◆ **Work to complete**
Exclude the pictures, and otherwise reproduce the data in full.

◆ **Input records**
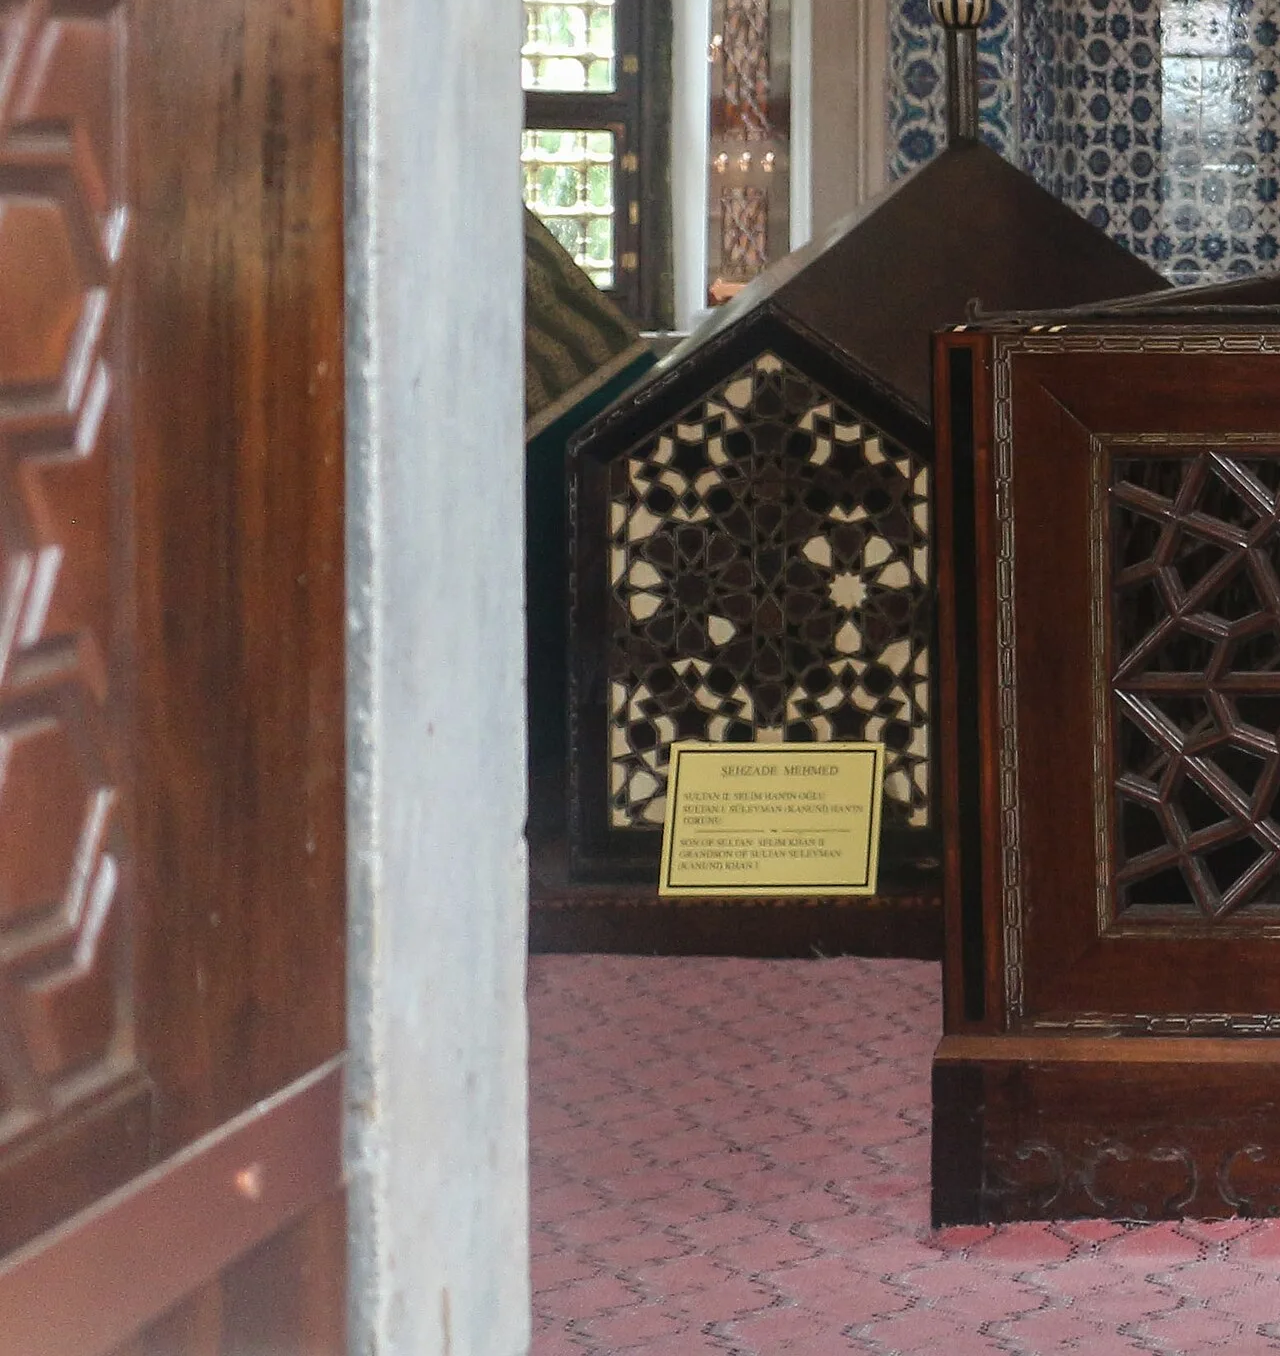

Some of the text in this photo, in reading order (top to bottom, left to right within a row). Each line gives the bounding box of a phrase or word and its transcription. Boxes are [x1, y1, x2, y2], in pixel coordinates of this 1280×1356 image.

[721, 763, 840, 778] ŞEHZADE MEHMED
[679, 850, 733, 859] GRANDSON
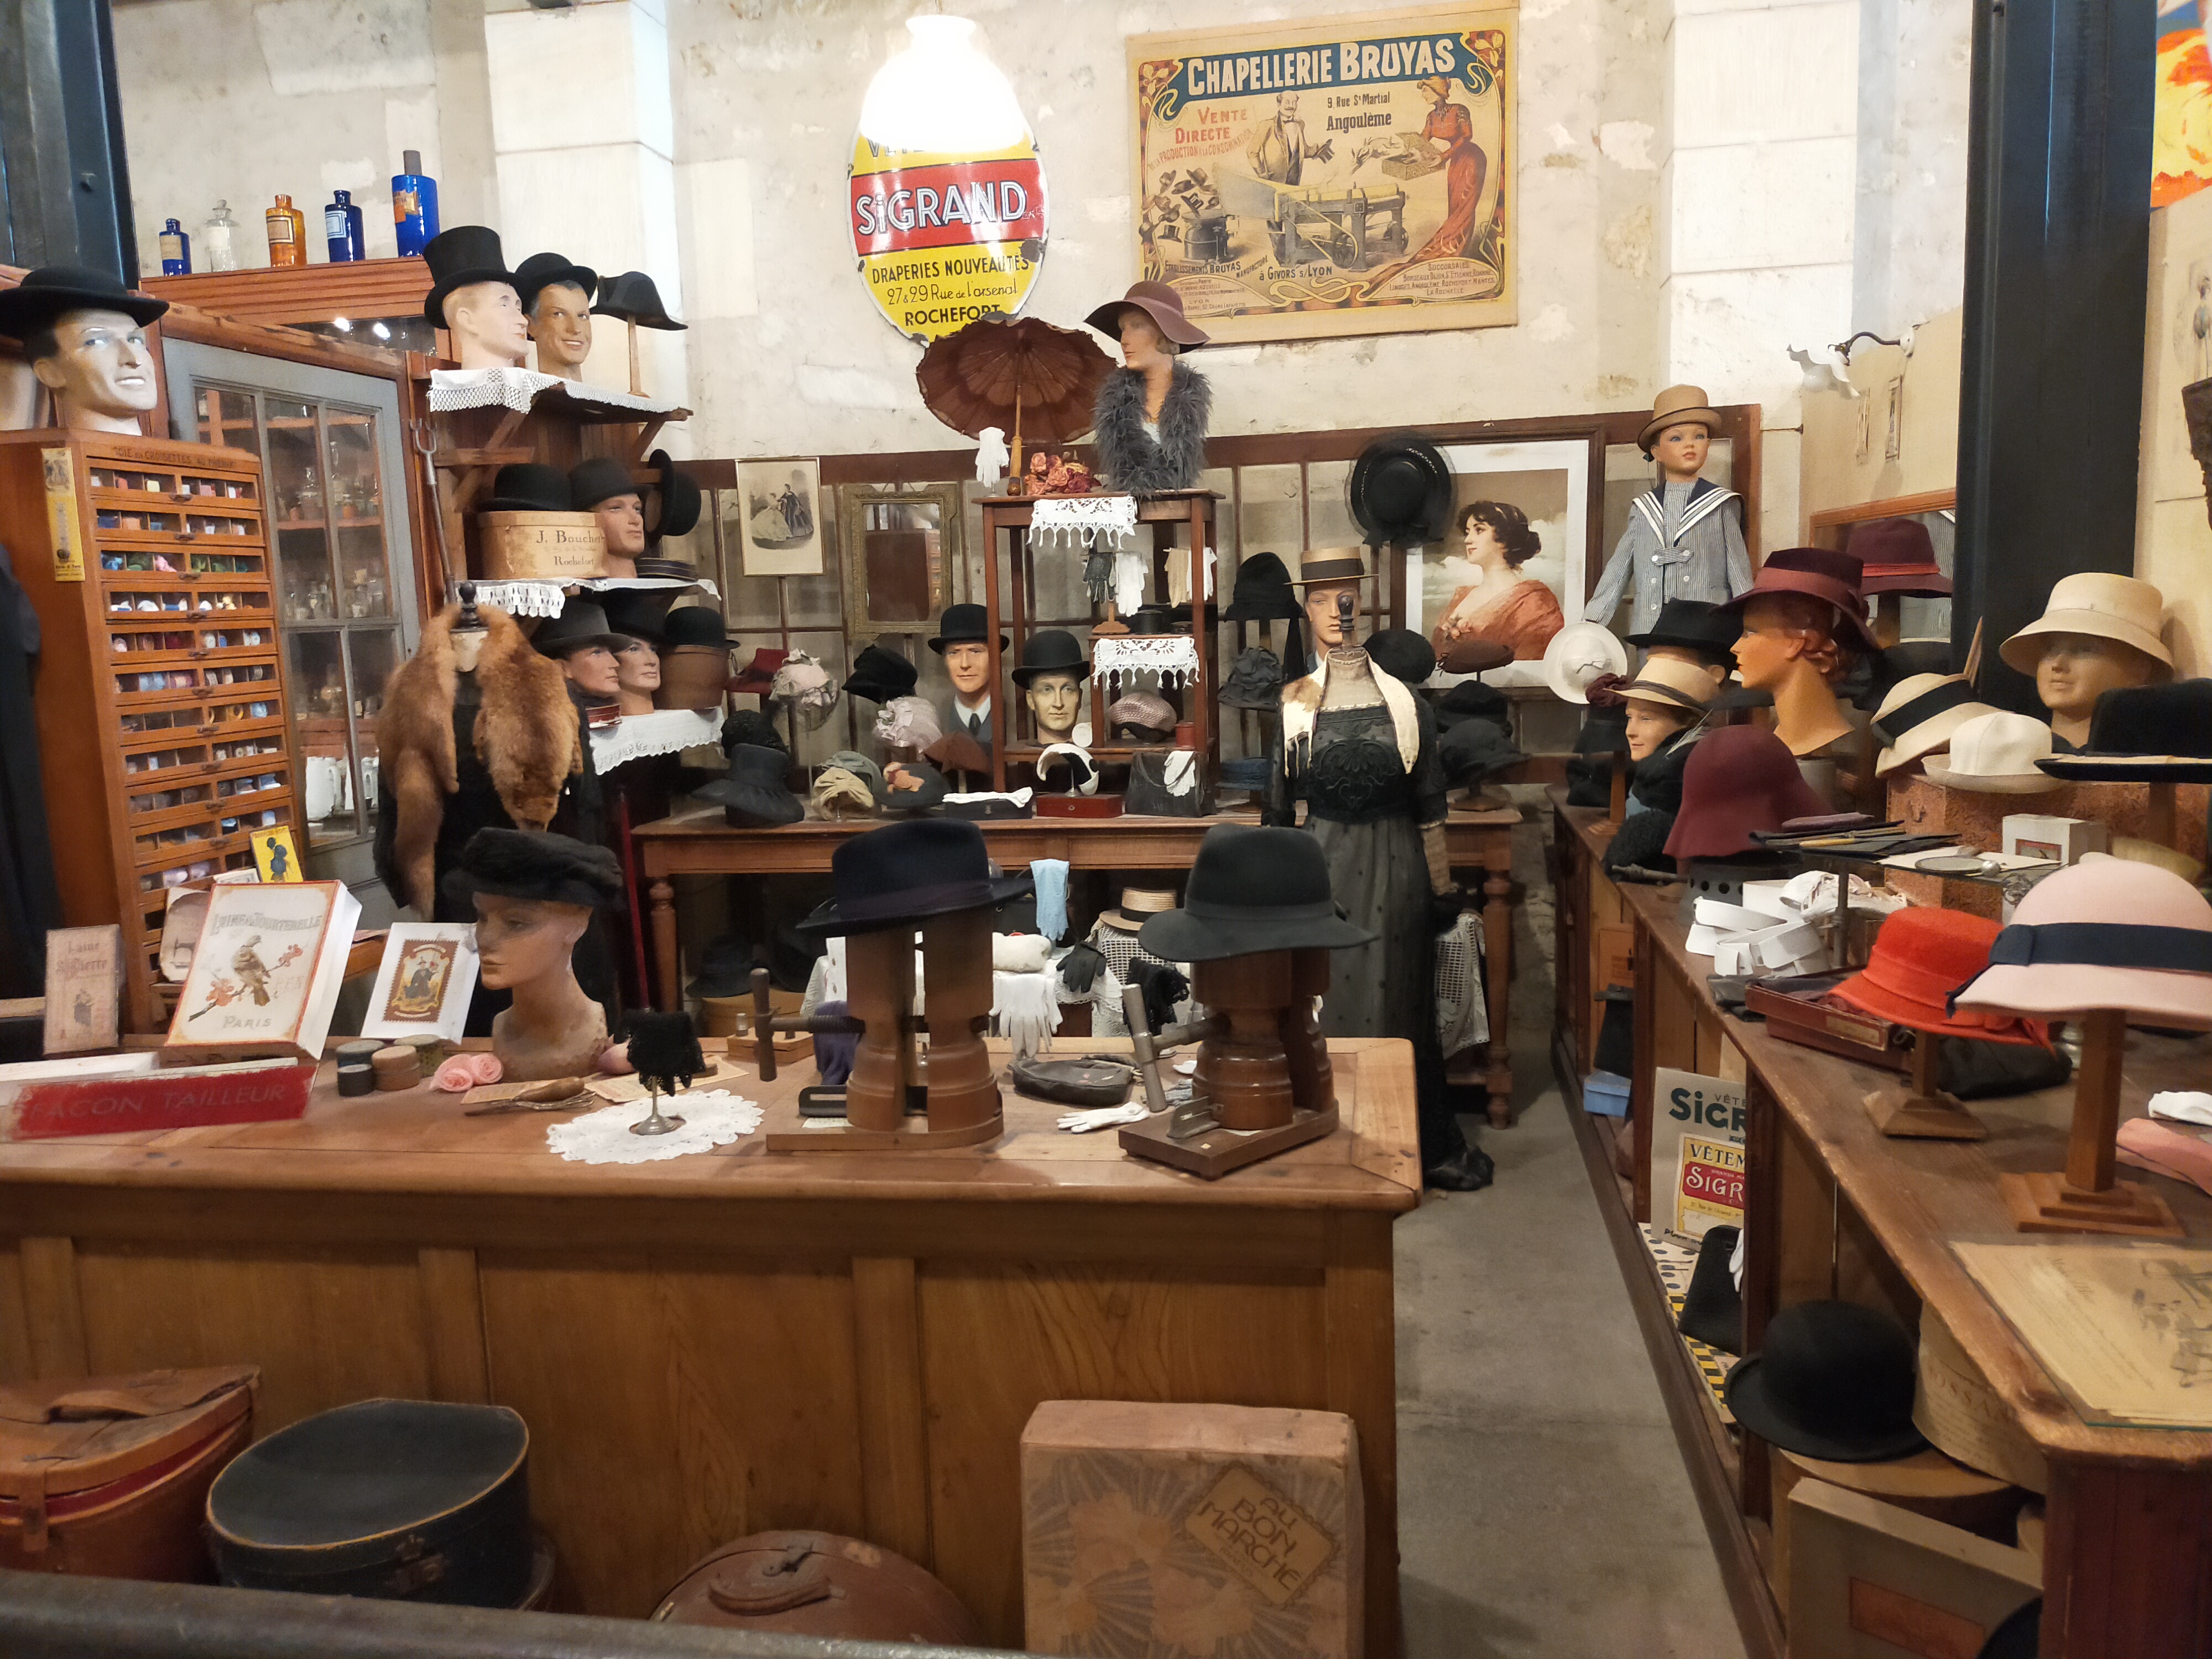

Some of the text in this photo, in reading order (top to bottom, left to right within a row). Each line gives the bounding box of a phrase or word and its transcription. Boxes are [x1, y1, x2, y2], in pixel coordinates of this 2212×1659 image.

[1188, 39, 1455, 96] CHAPELLERIE BRUYAS
[1337, 96, 1350, 108] Rue
[1362, 91, 1390, 105] Martial
[1197, 107, 1248, 124] VENTE
[1175, 127, 1230, 144] DIRECTE
[1159, 145, 1198, 163] PRODUCTION
[1208, 127, 1254, 156] CONSOMMATION
[872, 261, 940, 284] DRAPERIES
[1210, 261, 1241, 274] BRUYAS
[1236, 255, 1268, 279] MANUFACTURE
[1267, 266, 1296, 280] GIVORS
[931, 284, 953, 300] Rue
[956, 290, 966, 299] de
[536, 530, 547, 543] J.
[554, 556, 594, 566] Rochefort
[222, 1015, 272, 1029] PARIS
[162, 1084, 286, 1112] TAILLEUR
[1259, 1498, 1297, 1531] AU
[1232, 1497, 1297, 1558] BON

◆ **Problem solution**
Some of the text in this photo, in reading order (top to bottom, left to right within a row). Each line gives the bounding box of a phrase or word and its transcription. Boxes are [x1, y1, x2, y2], in pixel coordinates of this 1280×1356 image.

[721, 763, 840, 778] ŞEHZADE MEHMED
[679, 850, 733, 859] GRANDSON

Some of the text in this photo, in reading order (top to bottom, left to right within a row). Each line gives the bounding box of a phrase or word and its transcription. Boxes are [x1, y1, x2, y2], in pixel coordinates of this 2212×1659 image.

[1188, 39, 1455, 96] CHAPELLERIE BRUYAS
[1337, 96, 1350, 108] Rue
[1362, 91, 1390, 105] Martial
[1197, 107, 1248, 124] VENTE
[1175, 127, 1230, 144] DIRECTE
[1159, 145, 1198, 163] PRODUCTION
[1208, 127, 1254, 156] CONSOMMATION
[872, 261, 940, 284] DRAPERIES
[1210, 261, 1241, 274] BRUYAS
[1236, 255, 1268, 279] MANUFACTURE
[1267, 266, 1296, 280] GIVORS
[931, 284, 953, 300] Rue
[956, 290, 966, 299] de
[536, 530, 547, 543] J.
[554, 556, 594, 566] Rochefort
[222, 1015, 272, 1029] PARIS
[162, 1084, 286, 1112] TAILLEUR
[1259, 1498, 1297, 1531] AU
[1232, 1497, 1297, 1558] BON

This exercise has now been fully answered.